**What to produce**
If a record holds a picture, leave the picture out and restate everything else word for word.

# # #

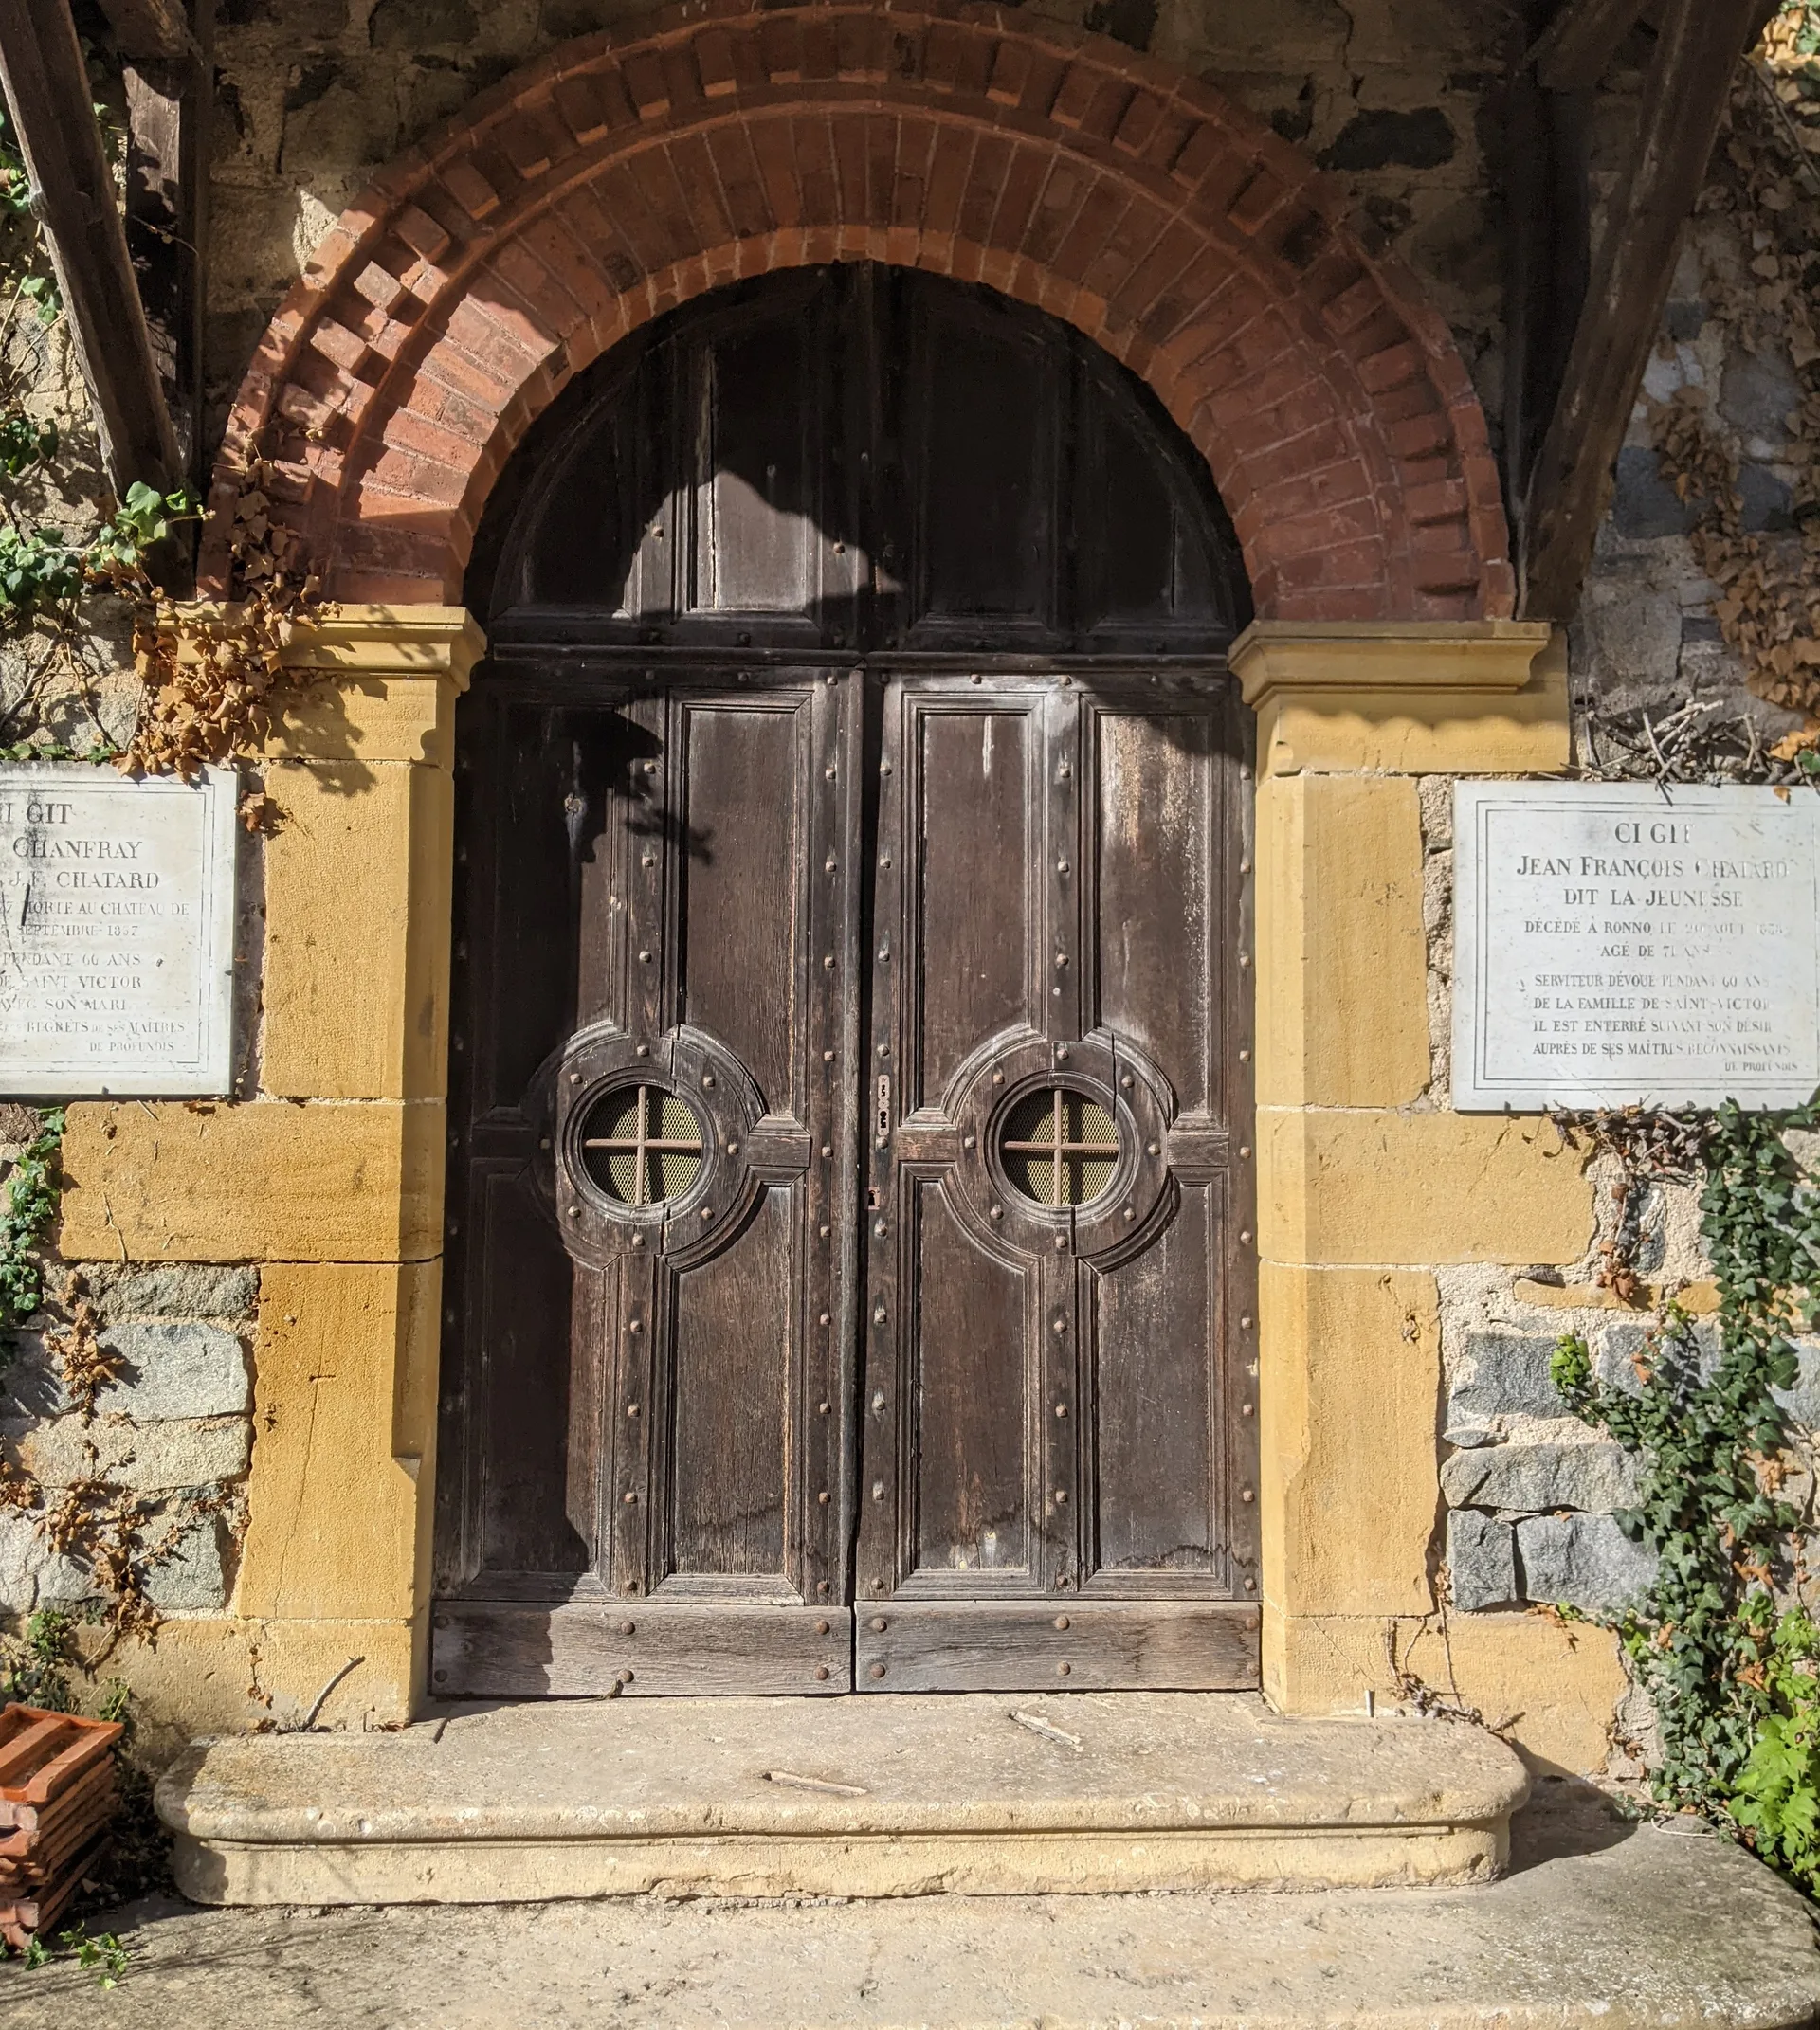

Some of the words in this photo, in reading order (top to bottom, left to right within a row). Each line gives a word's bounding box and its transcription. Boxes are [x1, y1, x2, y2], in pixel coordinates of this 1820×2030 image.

[27, 802, 73, 825] GIT
[1614, 822, 1642, 844] CI
[12, 837, 144, 859] CHANFRAY
[1516, 855, 1573, 876] JEAN
[1579, 856, 1684, 880] FRANÇOIS
[56, 871, 160, 889] CHATARD
[1562, 888, 1599, 905] DIT
[1610, 889, 1636, 906] LA
[1645, 889, 1744, 907] JEUNESSE
[78, 901, 97, 915] AU
[171, 902, 191, 916] DE
[1603, 920, 1652, 934] RONNO
[1638, 945, 1655, 958] DE
[106, 952, 141, 967] ANS
[78, 974, 142, 989] VICTOR
[1534, 974, 1604, 987] SERVITEUR
[46, 997, 77, 1011] SON
[1533, 997, 1551, 1009] DE
[1556, 997, 1574, 1009] LA
[1578, 997, 1636, 1010] FAMILLE
[1641, 997, 1660, 1010] DE
[1552, 1020, 1578, 1032] EST
[1584, 1016, 1647, 1032] ENTERRÉ
[89, 1042, 103, 1052] DE
[1582, 1042, 1597, 1055] DE
[1601, 1042, 1624, 1056] SES
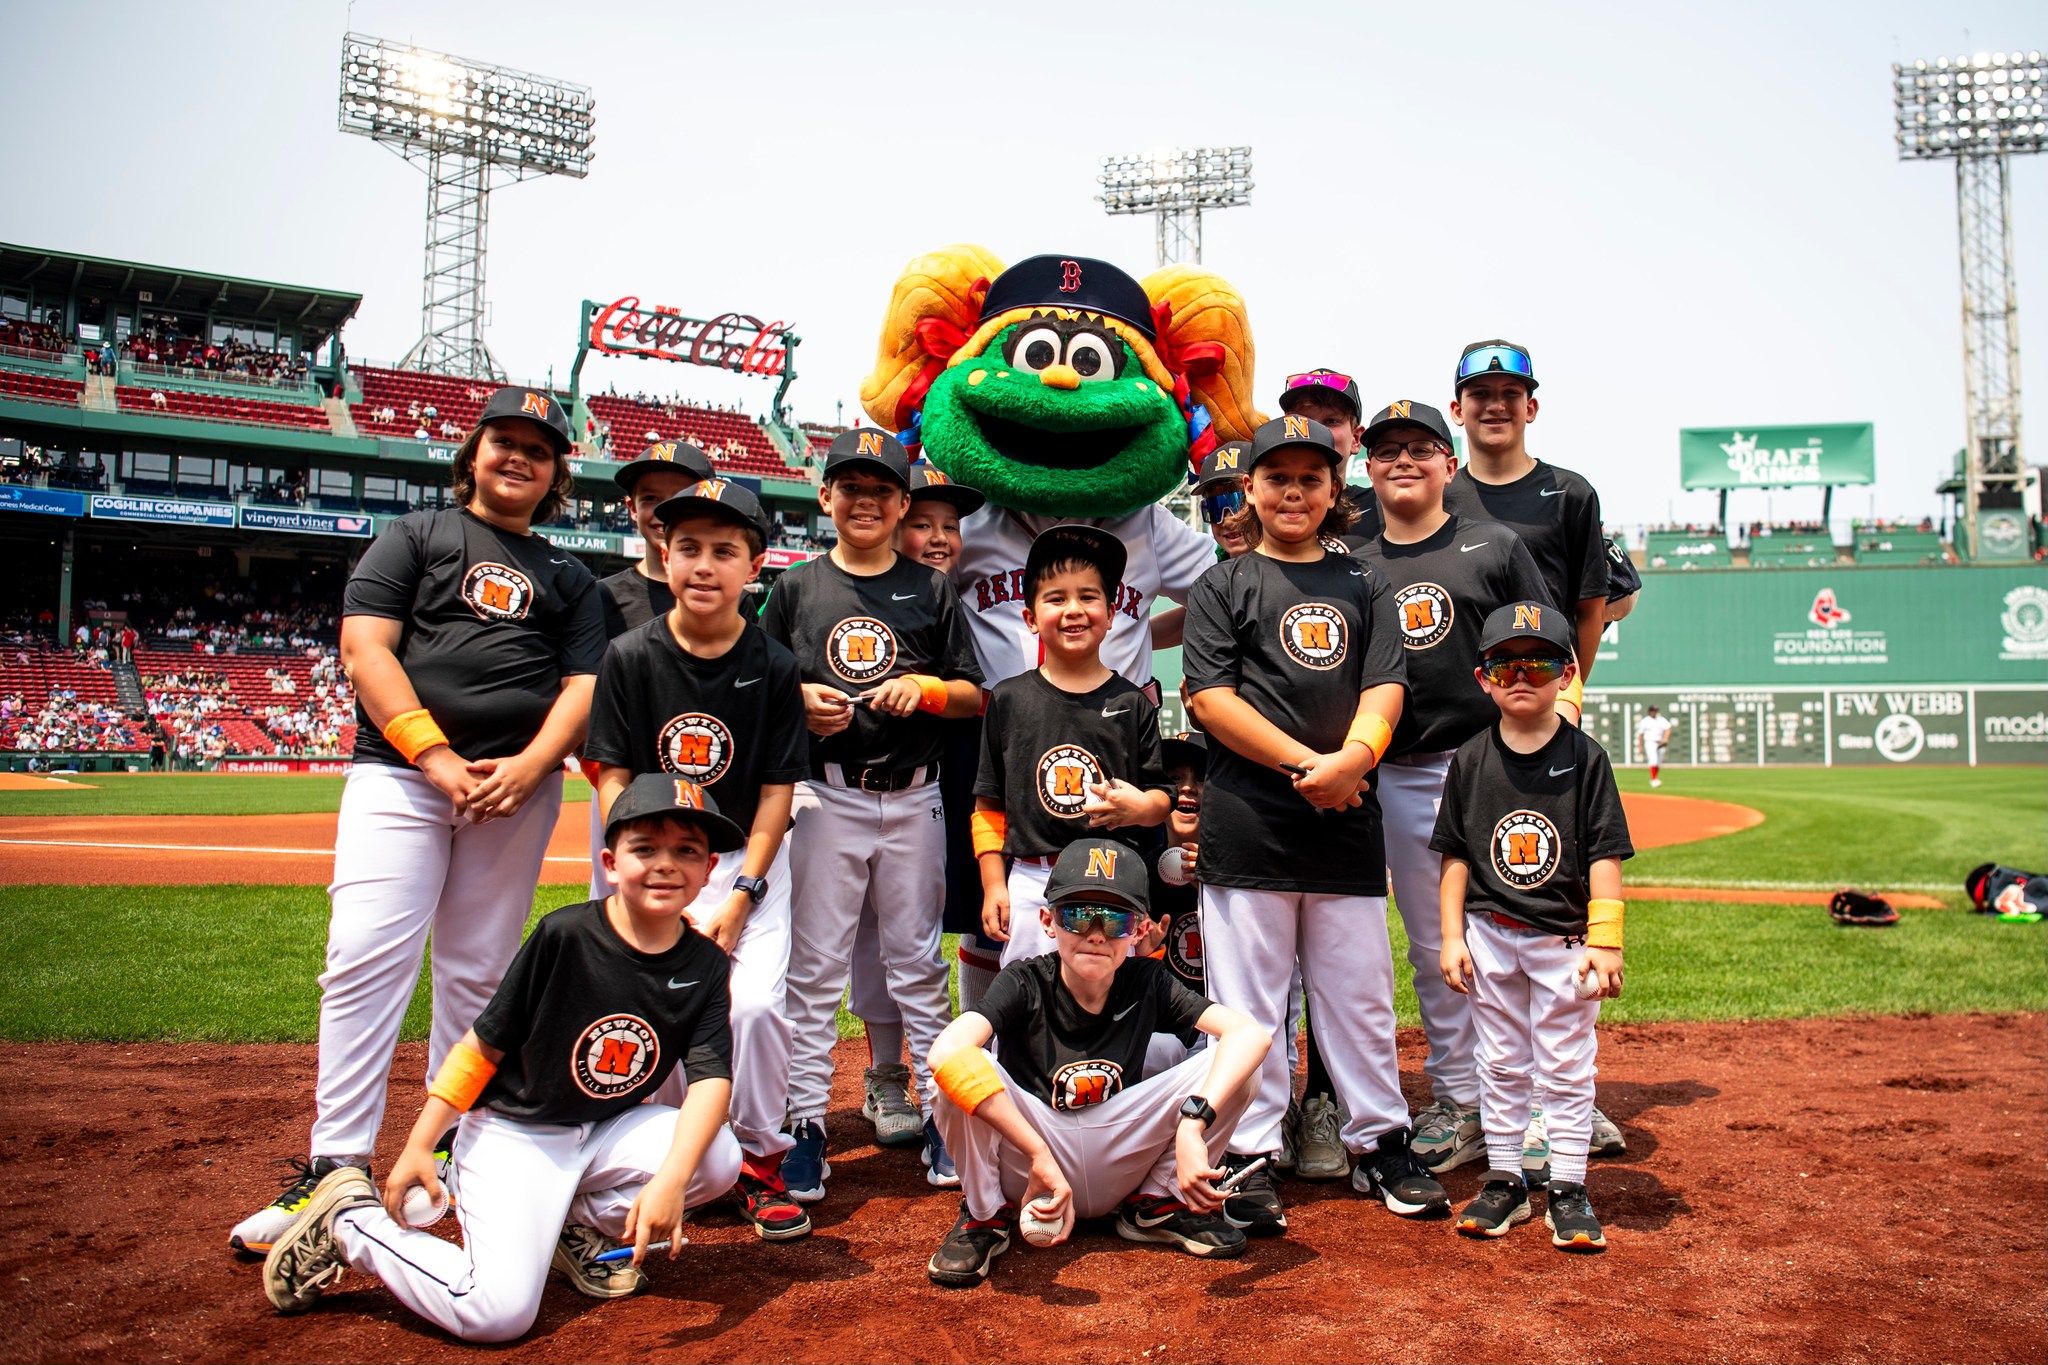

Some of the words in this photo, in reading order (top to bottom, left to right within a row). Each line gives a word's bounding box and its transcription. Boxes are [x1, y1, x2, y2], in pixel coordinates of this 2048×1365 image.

# # #

**Output of the exercise**
Some of the words in this photo, in reading order (top to bottom, left to right within a row). Each line gives a word's bounding box and its transcription. Boxes are [x1, y1, x2, y2], in pixel coordinates of this 1820×2030 image.

[27, 802, 73, 825] GIT
[1614, 822, 1642, 844] CI
[12, 837, 144, 859] CHANFRAY
[1516, 855, 1573, 876] JEAN
[1579, 856, 1684, 880] FRANÇOIS
[56, 871, 160, 889] CHATARD
[1562, 888, 1599, 905] DIT
[1610, 889, 1636, 906] LA
[1645, 889, 1744, 907] JEUNESSE
[78, 901, 97, 915] AU
[171, 902, 191, 916] DE
[1603, 920, 1652, 934] RONNO
[1638, 945, 1655, 958] DE
[106, 952, 141, 967] ANS
[78, 974, 142, 989] VICTOR
[1534, 974, 1604, 987] SERVITEUR
[46, 997, 77, 1011] SON
[1533, 997, 1551, 1009] DE
[1556, 997, 1574, 1009] LA
[1578, 997, 1636, 1010] FAMILLE
[1641, 997, 1660, 1010] DE
[1552, 1020, 1578, 1032] EST
[1584, 1016, 1647, 1032] ENTERRÉ
[89, 1042, 103, 1052] DE
[1582, 1042, 1597, 1055] DE
[1601, 1042, 1624, 1056] SES

Some of the words in this photo, in reading order (top to bottom, left to right within a row). Each line gives a word's bounding box and its transcription. Boxes are [x1, y1, x2, y2], in pixel coordinates of this 2048×1365 image.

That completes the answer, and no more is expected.